╭─ The records

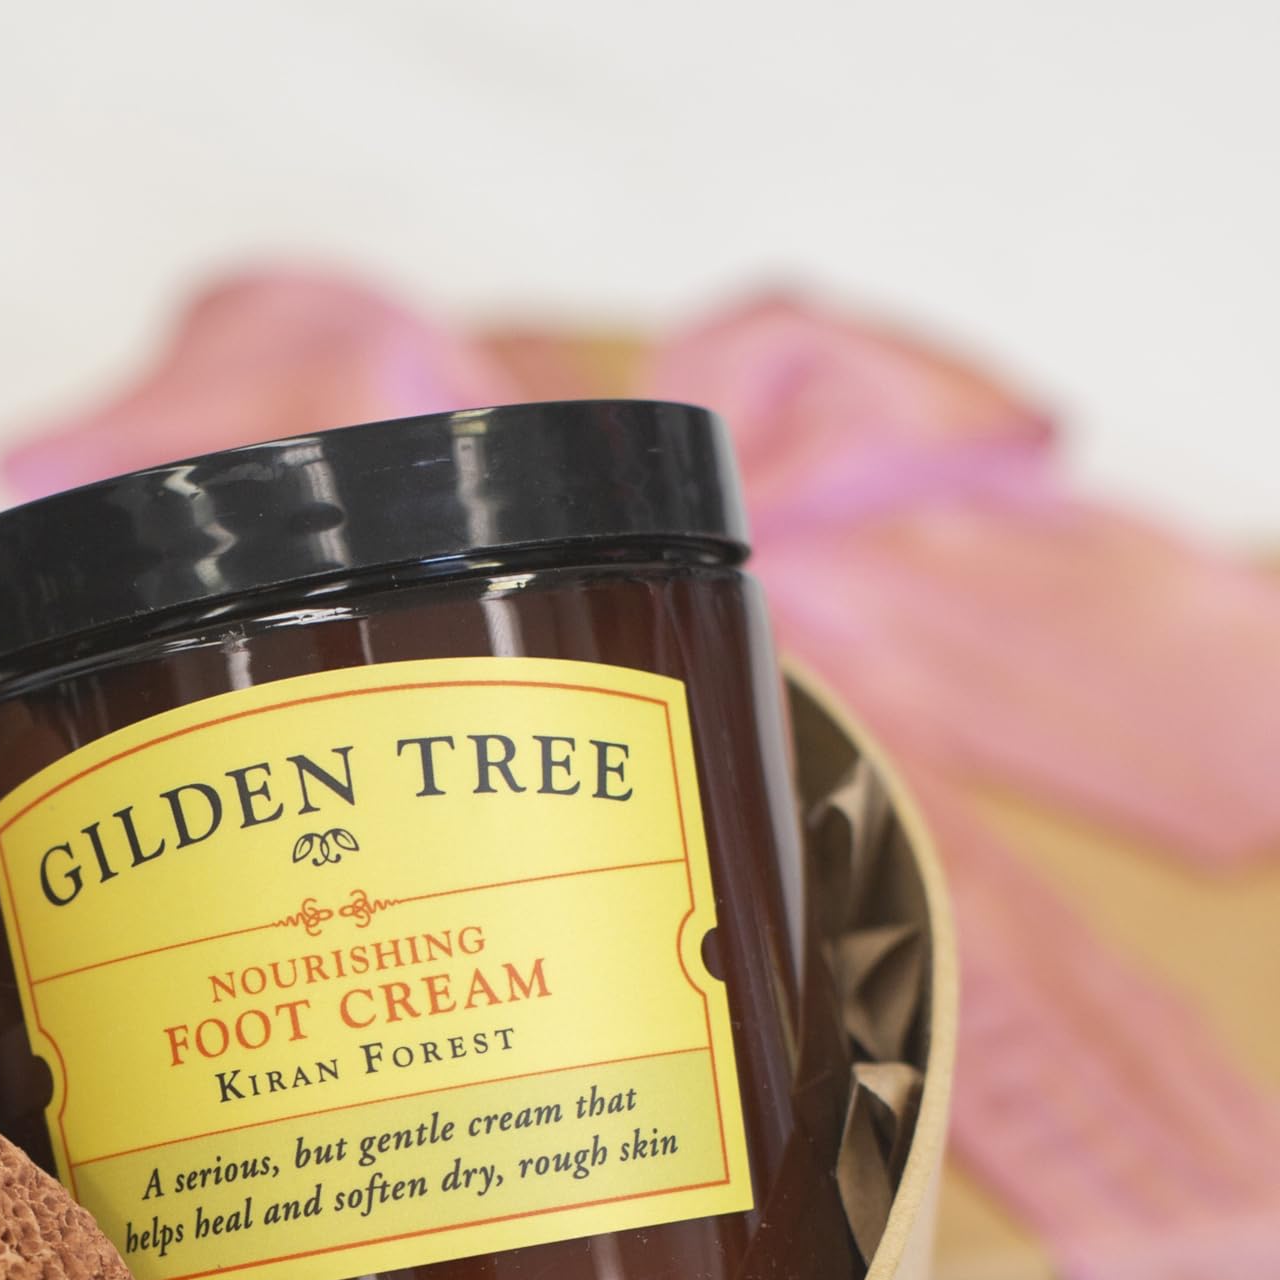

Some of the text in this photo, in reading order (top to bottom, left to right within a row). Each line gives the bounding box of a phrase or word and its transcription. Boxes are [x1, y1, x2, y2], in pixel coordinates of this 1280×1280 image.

[38, 732, 635, 908] GILDEN TREE
[163, 957, 554, 1067] FOOT CREAM
[209, 926, 487, 1004] NOURISHING
[125, 1128, 679, 1256] helps heal and soften dry, rough skin
[142, 1085, 638, 1201] A serious, but gentle cream that
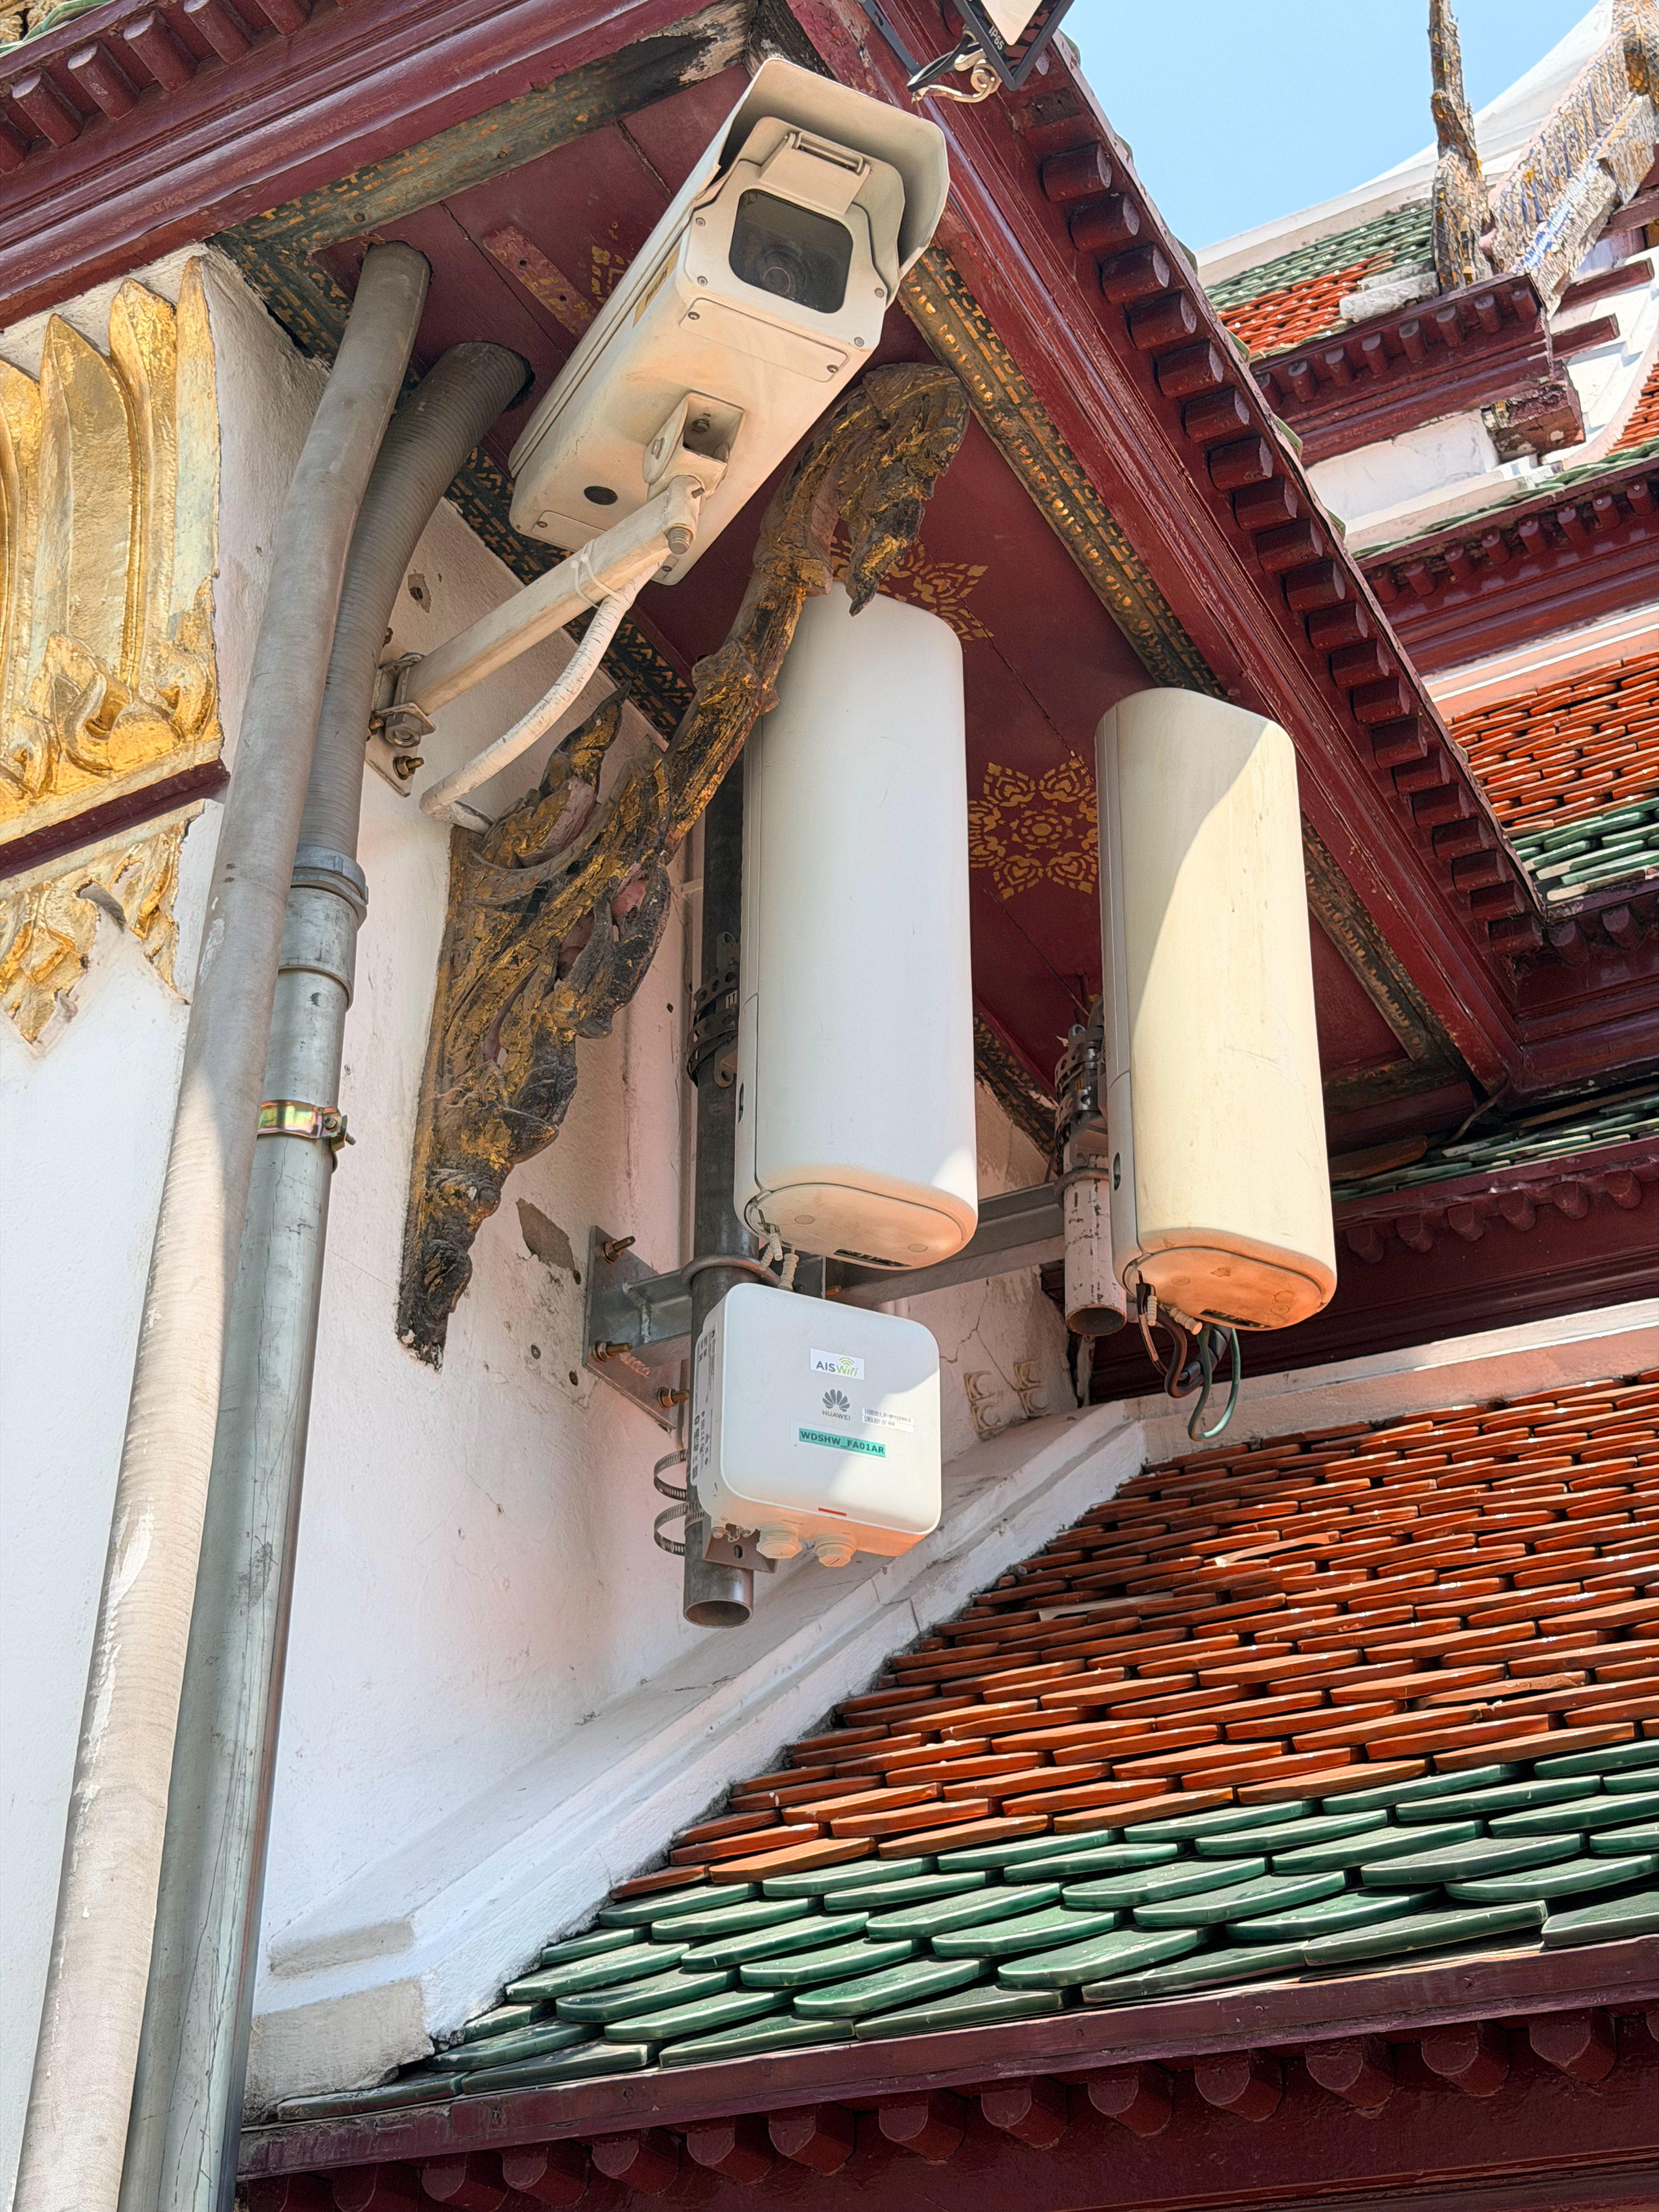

╰─

* **What you need to do**
A verbatim reproduction of each entry is expected, with every picture omitted.

* **Answer box**
Some of the text in this photo, in reading order (top to bottom, left to right within a row). Each line gives the bounding box of a phrase or word and its transcription. Boxes are [x1, y1, x2, y2], in pixel coordinates of this 1280×1280 image.

[38, 732, 635, 908] GILDEN TREE
[163, 957, 554, 1067] FOOT CREAM
[209, 926, 487, 1004] NOURISHING
[125, 1128, 679, 1256] helps heal and soften dry, rough skin
[142, 1085, 638, 1201] A serious, but gentle cream that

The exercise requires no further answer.